During the first years of the HIV/AIDS crisis, in the eighties and early nineties, activists protested across major cities demanding government action, some of them still hooked up to IV drips and oxygen tanks; alongside them, writers, visual artists, and filmmakers continued creating, many up until their last breath.  This course examines the relationship between different forms of cultural expression—from art to activism—during those first fifteen years of the HIV/AIDS pandemic, prior to the advent of highly active antiretroviral therapy.
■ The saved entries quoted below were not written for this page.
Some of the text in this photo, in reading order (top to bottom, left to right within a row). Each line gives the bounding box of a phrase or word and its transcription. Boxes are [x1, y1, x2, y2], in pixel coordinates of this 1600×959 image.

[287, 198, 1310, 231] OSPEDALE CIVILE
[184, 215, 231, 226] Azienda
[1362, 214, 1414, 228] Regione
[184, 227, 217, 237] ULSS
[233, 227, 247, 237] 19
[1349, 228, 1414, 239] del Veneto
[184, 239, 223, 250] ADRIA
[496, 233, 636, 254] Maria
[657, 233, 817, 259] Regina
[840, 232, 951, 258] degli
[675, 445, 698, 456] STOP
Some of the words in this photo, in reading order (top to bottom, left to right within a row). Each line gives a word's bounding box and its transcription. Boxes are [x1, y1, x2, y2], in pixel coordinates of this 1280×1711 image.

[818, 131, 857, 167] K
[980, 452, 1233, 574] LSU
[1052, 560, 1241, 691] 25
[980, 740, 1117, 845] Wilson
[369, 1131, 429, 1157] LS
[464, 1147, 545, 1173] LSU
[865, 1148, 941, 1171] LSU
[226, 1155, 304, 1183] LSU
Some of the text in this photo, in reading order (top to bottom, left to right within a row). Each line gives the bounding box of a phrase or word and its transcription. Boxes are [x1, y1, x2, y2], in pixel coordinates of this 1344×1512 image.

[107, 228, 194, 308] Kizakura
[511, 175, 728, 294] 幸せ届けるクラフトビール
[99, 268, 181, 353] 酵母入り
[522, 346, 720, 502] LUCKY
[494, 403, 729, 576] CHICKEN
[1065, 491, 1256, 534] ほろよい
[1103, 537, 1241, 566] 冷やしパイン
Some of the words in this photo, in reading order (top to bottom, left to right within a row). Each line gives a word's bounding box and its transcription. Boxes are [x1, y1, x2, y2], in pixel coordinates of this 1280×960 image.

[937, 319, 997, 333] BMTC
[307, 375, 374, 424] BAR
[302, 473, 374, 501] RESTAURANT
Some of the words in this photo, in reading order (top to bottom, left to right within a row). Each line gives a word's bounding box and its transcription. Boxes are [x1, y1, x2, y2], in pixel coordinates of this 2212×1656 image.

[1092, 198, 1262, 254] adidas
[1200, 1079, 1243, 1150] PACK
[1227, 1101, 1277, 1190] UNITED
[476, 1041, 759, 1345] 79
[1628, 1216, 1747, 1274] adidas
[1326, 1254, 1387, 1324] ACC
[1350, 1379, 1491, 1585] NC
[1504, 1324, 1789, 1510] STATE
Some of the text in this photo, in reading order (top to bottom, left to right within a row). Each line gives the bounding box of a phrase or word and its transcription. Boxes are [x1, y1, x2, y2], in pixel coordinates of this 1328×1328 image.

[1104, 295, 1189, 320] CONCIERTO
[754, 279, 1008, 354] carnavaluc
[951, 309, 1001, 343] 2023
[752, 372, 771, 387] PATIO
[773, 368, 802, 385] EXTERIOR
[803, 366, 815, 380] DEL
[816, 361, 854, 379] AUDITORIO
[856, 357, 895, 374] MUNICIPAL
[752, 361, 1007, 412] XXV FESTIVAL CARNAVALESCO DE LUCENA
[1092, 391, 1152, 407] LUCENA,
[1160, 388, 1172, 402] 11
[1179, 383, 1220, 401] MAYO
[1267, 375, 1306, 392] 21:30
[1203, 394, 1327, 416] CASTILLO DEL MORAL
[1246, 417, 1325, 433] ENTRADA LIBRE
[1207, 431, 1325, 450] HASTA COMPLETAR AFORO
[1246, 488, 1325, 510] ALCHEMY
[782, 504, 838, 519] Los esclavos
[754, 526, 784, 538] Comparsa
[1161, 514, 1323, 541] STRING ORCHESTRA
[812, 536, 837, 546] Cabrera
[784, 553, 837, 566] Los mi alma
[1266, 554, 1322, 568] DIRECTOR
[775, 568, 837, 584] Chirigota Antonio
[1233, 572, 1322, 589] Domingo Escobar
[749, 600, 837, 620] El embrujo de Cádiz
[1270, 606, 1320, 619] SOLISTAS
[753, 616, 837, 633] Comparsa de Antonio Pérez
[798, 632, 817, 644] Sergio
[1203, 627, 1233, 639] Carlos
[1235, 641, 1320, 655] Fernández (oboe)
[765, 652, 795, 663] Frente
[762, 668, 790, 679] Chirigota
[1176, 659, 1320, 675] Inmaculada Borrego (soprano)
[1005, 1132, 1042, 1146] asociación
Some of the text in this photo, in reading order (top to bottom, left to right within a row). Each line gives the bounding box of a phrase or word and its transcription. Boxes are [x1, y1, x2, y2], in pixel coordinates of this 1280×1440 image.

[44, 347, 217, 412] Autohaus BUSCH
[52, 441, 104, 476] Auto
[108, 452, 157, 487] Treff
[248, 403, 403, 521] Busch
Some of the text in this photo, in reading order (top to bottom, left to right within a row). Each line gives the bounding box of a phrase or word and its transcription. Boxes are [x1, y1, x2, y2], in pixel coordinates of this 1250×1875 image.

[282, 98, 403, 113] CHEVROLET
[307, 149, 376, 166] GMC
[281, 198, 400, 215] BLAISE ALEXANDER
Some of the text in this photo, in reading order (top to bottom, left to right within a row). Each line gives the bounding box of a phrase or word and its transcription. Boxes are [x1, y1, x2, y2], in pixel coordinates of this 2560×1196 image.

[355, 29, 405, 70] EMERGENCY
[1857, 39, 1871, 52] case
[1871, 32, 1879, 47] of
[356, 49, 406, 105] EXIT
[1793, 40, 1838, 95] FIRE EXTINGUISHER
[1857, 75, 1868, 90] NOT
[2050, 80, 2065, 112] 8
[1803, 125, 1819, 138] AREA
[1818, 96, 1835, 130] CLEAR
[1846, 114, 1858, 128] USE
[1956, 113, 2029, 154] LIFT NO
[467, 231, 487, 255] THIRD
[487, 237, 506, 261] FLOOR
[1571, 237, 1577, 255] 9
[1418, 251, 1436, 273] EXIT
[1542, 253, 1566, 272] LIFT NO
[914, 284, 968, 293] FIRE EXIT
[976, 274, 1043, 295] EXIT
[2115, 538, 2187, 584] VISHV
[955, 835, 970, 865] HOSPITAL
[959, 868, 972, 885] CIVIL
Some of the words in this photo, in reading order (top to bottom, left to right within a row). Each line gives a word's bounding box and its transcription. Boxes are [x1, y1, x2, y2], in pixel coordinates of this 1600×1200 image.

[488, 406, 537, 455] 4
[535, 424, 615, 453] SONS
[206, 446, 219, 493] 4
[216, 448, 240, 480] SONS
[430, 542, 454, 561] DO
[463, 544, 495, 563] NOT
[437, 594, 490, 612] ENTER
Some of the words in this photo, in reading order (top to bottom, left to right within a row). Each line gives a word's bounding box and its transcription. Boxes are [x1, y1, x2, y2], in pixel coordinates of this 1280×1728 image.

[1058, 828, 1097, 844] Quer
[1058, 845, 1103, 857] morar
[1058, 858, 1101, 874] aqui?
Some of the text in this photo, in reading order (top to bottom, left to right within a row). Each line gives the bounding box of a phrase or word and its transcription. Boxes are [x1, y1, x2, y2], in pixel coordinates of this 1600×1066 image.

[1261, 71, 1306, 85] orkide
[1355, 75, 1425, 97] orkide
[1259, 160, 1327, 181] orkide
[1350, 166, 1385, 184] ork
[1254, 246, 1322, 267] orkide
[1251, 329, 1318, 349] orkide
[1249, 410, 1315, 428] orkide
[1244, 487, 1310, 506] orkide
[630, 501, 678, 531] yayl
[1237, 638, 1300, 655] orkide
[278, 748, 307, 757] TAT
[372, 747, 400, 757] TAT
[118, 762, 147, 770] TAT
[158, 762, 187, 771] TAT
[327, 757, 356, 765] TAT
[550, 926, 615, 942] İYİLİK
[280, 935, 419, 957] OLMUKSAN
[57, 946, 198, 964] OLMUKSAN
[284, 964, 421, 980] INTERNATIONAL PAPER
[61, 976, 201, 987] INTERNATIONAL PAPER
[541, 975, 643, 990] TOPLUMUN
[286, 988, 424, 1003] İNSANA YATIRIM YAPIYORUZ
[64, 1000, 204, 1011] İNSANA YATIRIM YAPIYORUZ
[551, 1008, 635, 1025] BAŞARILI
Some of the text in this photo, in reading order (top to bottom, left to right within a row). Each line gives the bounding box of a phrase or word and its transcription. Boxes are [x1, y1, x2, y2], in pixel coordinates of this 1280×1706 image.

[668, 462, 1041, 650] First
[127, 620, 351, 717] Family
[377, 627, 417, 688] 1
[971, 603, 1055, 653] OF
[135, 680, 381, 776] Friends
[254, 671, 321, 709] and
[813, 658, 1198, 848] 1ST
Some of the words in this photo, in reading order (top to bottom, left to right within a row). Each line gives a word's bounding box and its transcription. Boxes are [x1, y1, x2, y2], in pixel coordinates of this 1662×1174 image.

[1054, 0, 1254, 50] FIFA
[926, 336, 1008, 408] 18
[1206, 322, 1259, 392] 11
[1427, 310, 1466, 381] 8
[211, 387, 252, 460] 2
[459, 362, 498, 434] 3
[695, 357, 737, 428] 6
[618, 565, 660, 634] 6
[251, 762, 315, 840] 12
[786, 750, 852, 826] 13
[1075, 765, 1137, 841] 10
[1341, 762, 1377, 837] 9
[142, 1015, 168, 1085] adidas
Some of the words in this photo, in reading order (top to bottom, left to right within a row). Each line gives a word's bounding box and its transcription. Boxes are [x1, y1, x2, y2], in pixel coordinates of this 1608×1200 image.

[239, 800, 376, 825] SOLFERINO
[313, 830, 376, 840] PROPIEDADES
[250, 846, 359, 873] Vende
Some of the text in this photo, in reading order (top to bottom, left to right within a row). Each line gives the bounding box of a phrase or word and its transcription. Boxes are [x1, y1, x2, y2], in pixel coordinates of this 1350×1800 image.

In particular, we will analyze the way in which mainstream narratives about the disease associated it with Blackness and queerness.  With a focus on the work of Black queer and trans creators and activists, we will also study how literature, film, and visual art were mobilized against these mainstream narratives in order to effect changes in public consciousness and even policy.  Finally, we will discuss the legacy of these cultural responses, particularly as it pertains to communities of color. We will do so by learning to close read across a variety of genres and media: fiction, poetry, film, theater, television, journalism, popular music, painting, sculpture, performance, and installation art. Some of the works we will analyze include: Samuel Delany’s The Tale of Plagues and Carnival; Octavia Butler’s Fledgling; Jamaica Kincaid’s My Brother; Sapphire’s Push and its screen adaptation Precious; the films of Marlon Riggs; and the latest season of the television series Pose.